**Task instructions:**
Write down the listing again exactly as it appears below, without its pictures.
* * *
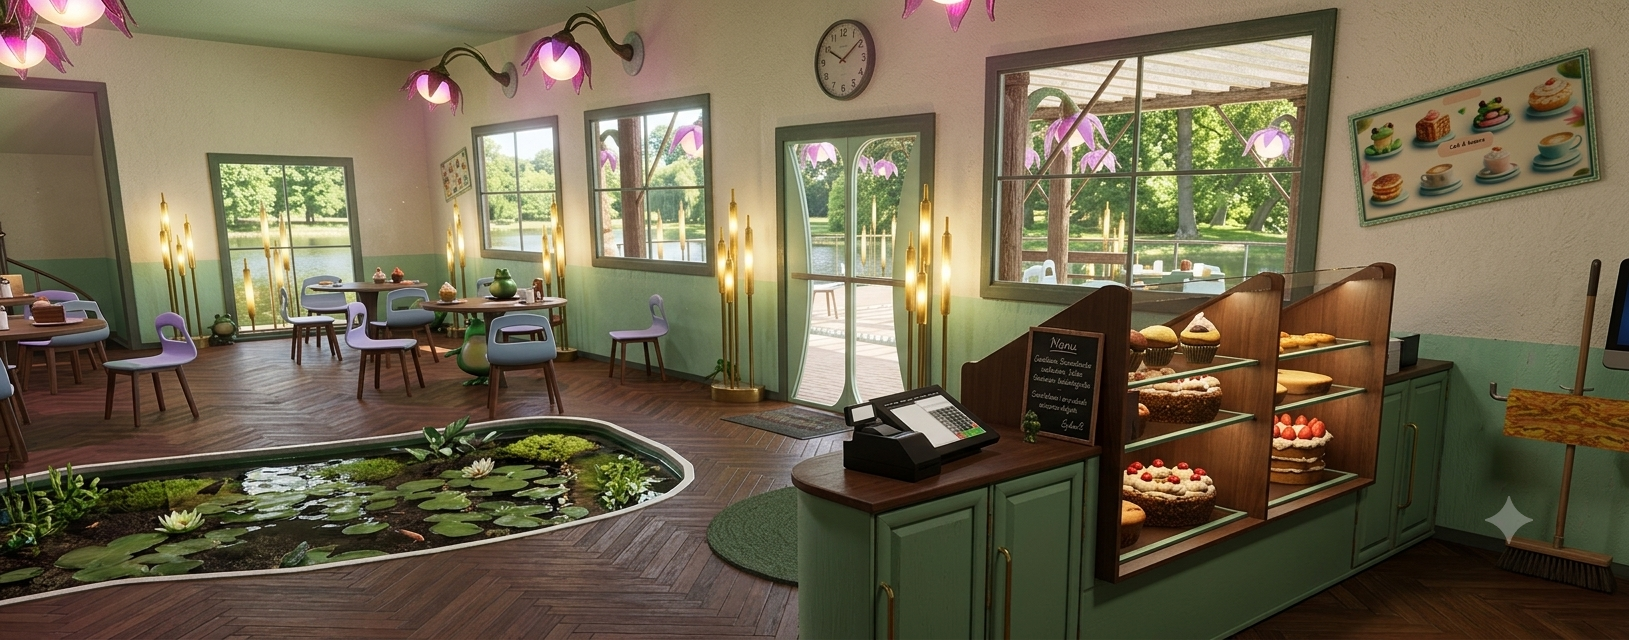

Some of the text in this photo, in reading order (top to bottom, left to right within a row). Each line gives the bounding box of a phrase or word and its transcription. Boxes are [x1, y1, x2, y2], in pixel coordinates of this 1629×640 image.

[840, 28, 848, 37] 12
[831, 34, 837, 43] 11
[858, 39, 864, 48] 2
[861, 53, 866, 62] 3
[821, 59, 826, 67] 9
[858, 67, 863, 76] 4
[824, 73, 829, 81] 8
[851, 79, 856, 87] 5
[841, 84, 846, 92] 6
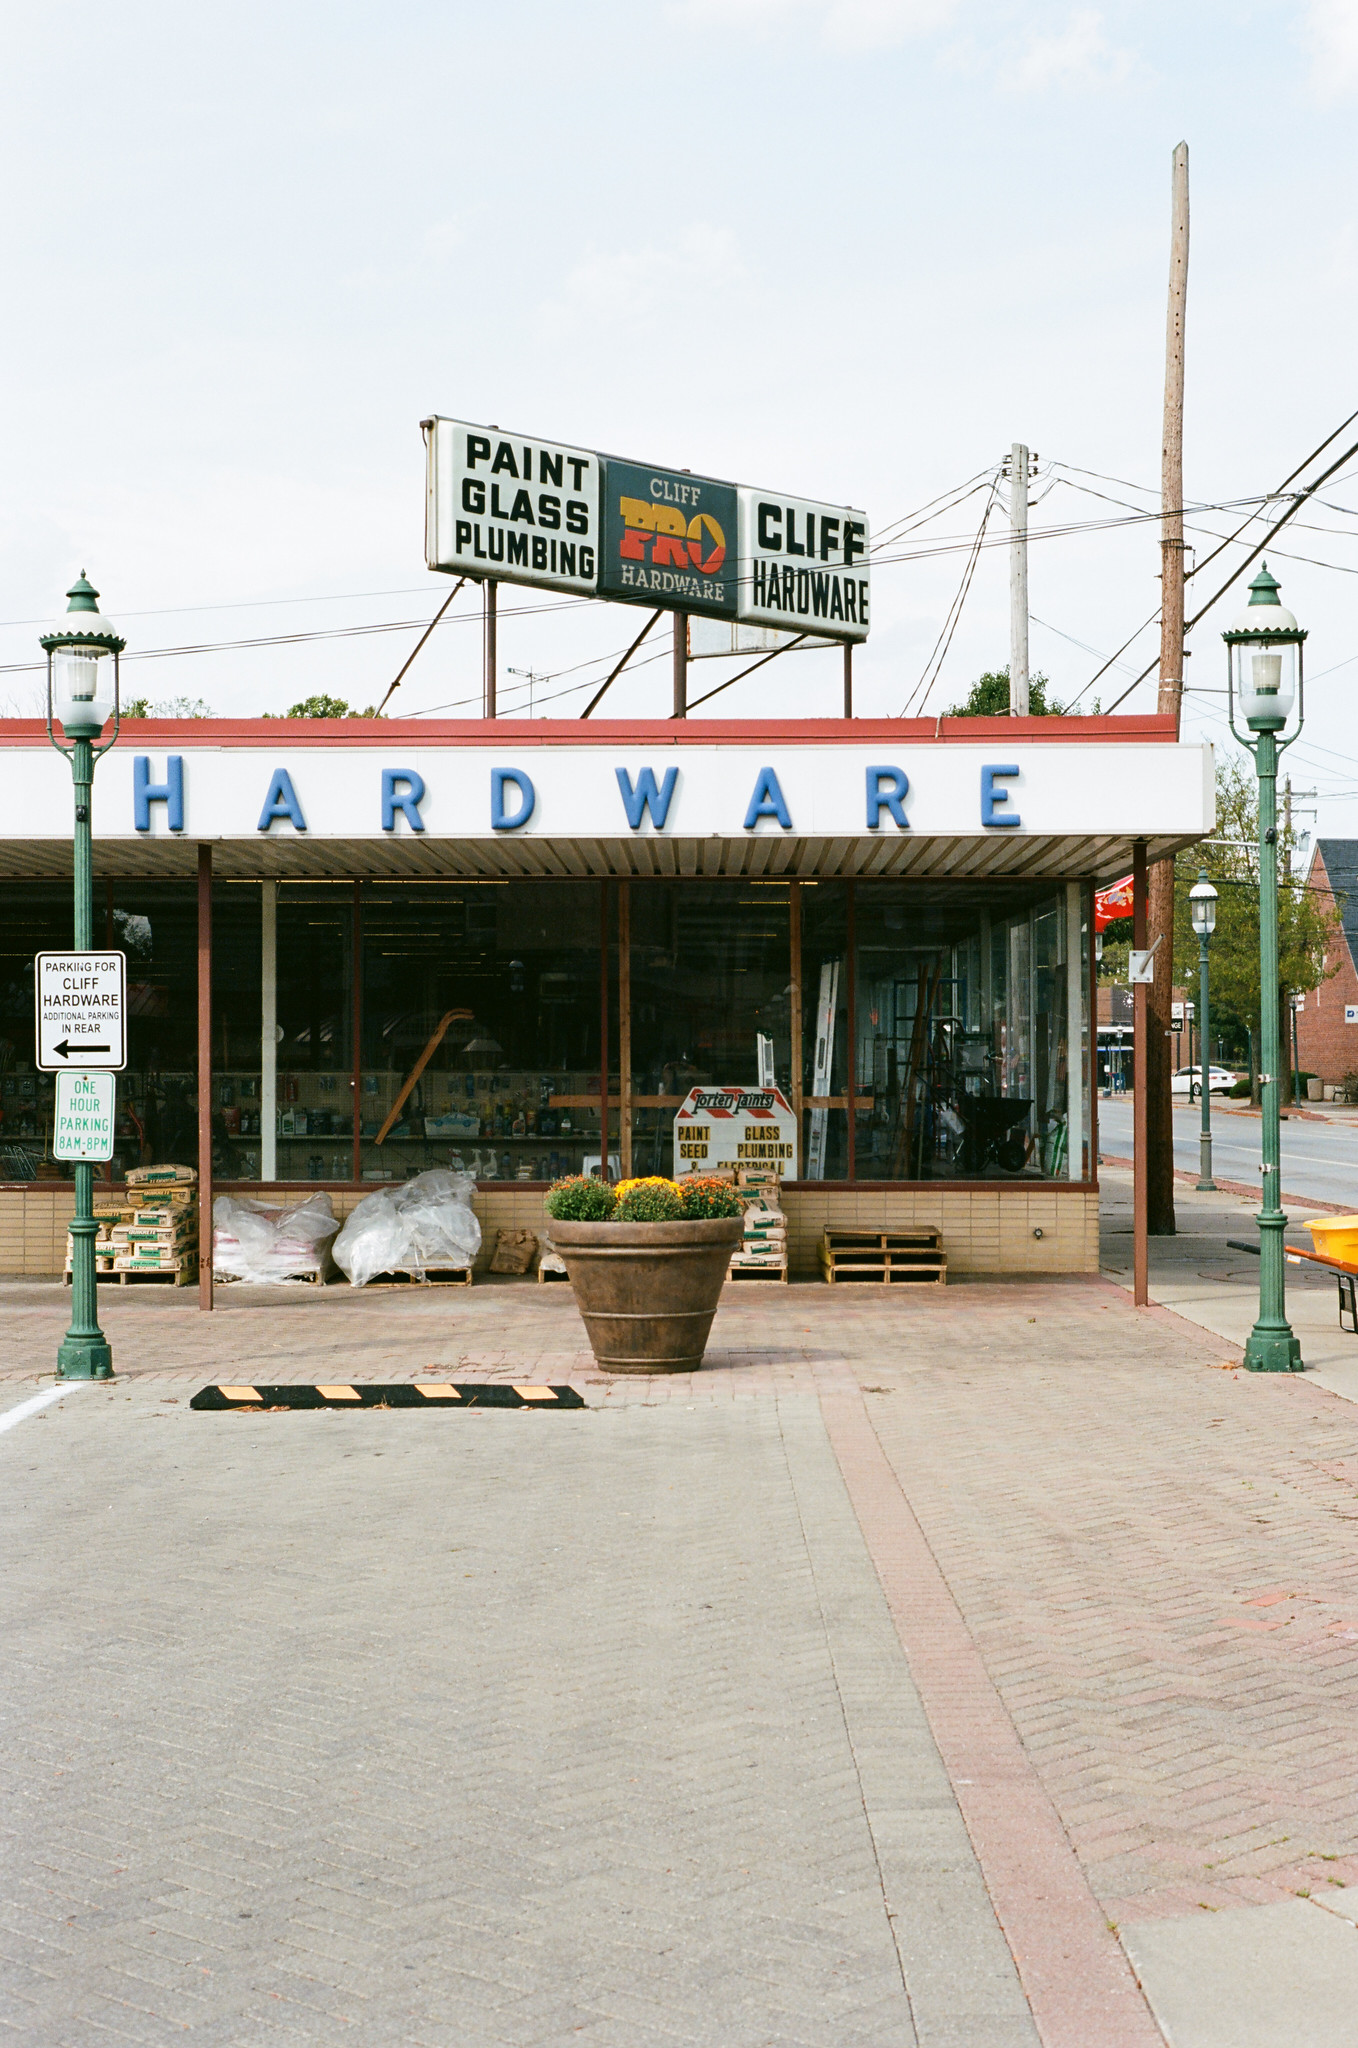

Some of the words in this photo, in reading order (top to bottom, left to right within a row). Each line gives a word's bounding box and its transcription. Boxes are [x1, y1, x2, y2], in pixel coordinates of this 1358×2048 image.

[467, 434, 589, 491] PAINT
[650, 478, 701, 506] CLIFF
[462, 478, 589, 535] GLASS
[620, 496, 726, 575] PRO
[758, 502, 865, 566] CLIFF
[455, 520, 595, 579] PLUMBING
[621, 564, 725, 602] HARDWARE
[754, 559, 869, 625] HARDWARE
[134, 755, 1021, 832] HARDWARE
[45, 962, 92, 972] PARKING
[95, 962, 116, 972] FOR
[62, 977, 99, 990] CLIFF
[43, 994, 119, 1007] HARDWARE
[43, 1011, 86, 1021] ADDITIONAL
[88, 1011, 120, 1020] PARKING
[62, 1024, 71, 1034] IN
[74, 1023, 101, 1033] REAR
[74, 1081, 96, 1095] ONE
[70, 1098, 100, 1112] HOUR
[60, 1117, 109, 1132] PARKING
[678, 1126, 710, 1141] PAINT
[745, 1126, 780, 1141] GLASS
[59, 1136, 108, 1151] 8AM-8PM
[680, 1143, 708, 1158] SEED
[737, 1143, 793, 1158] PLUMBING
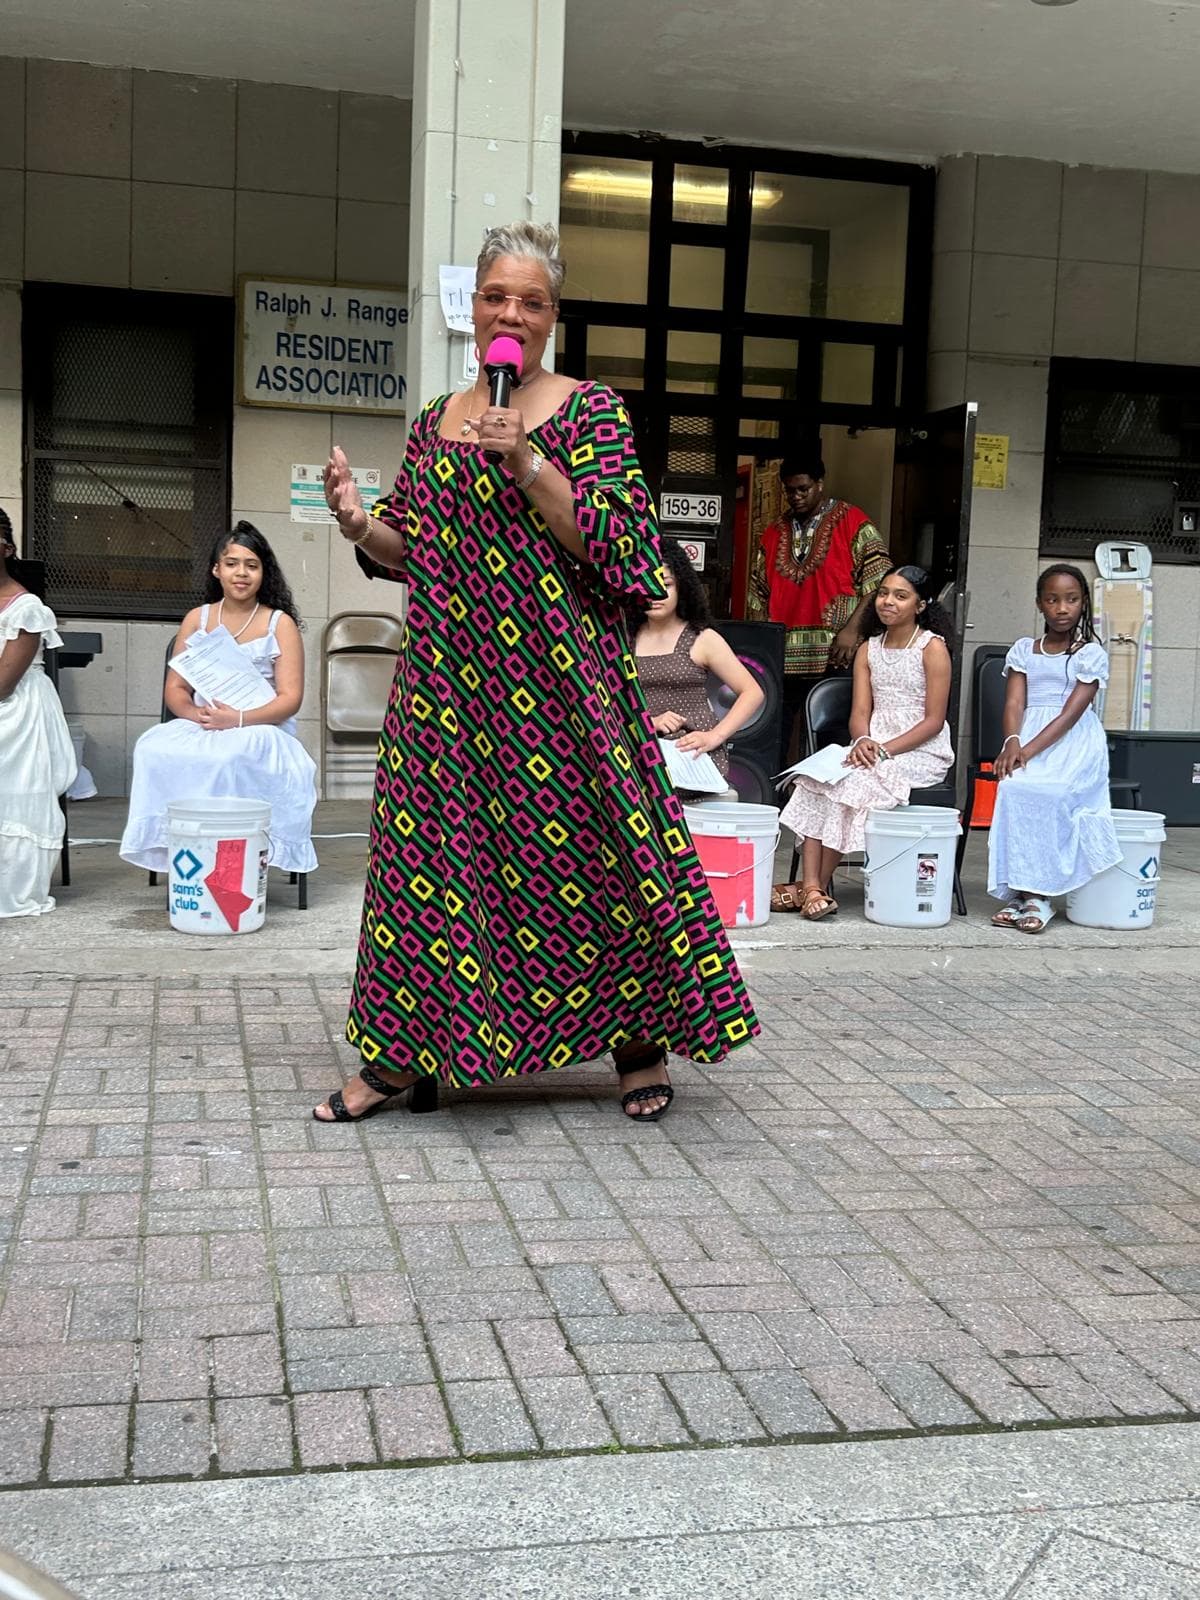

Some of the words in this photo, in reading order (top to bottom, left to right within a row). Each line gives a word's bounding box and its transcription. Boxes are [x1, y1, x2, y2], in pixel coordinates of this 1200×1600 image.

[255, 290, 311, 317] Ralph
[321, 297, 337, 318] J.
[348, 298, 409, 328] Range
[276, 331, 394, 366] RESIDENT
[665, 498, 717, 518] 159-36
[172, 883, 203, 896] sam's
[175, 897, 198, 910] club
* * *
**Task response:**
Some of the text in this photo, in reading order (top to bottom, left to right within a row). Each line gives the bounding box of a phrase or word and its transcription. Boxes are [x1, y1, x2, y2], in pixel coordinates of this 1629×640 image.

[840, 28, 848, 37] 12
[831, 34, 837, 43] 11
[858, 39, 864, 48] 2
[861, 53, 866, 62] 3
[821, 59, 826, 67] 9
[858, 67, 863, 76] 4
[824, 73, 829, 81] 8
[851, 79, 856, 87] 5
[841, 84, 846, 92] 6

Some of the words in this photo, in reading order (top to bottom, left to right within a row). Each line gives a word's bounding box and its transcription. Boxes are [x1, y1, x2, y2], in pixel coordinates of this 1358×2048 image.

[467, 434, 589, 491] PAINT
[650, 478, 701, 506] CLIFF
[462, 478, 589, 535] GLASS
[620, 496, 726, 575] PRO
[758, 502, 865, 566] CLIFF
[455, 520, 595, 579] PLUMBING
[621, 564, 725, 602] HARDWARE
[754, 559, 869, 625] HARDWARE
[134, 755, 1021, 832] HARDWARE
[45, 962, 92, 972] PARKING
[95, 962, 116, 972] FOR
[62, 977, 99, 990] CLIFF
[43, 994, 119, 1007] HARDWARE
[43, 1011, 86, 1021] ADDITIONAL
[88, 1011, 120, 1020] PARKING
[62, 1024, 71, 1034] IN
[74, 1023, 101, 1033] REAR
[74, 1081, 96, 1095] ONE
[70, 1098, 100, 1112] HOUR
[60, 1117, 109, 1132] PARKING
[678, 1126, 710, 1141] PAINT
[745, 1126, 780, 1141] GLASS
[59, 1136, 108, 1151] 8AM-8PM
[680, 1143, 708, 1158] SEED
[737, 1143, 793, 1158] PLUMBING

Some of the words in this photo, in reading order (top to bottom, left to right within a row). Each line gives a word's bounding box and its transcription. Boxes are [x1, y1, x2, y2], in pixel coordinates of this 1200×1600 image.

[255, 290, 311, 317] Ralph
[321, 297, 337, 318] J.
[348, 298, 409, 328] Range
[276, 331, 394, 366] RESIDENT
[665, 498, 717, 518] 159-36
[172, 883, 203, 896] sam's
[175, 897, 198, 910] club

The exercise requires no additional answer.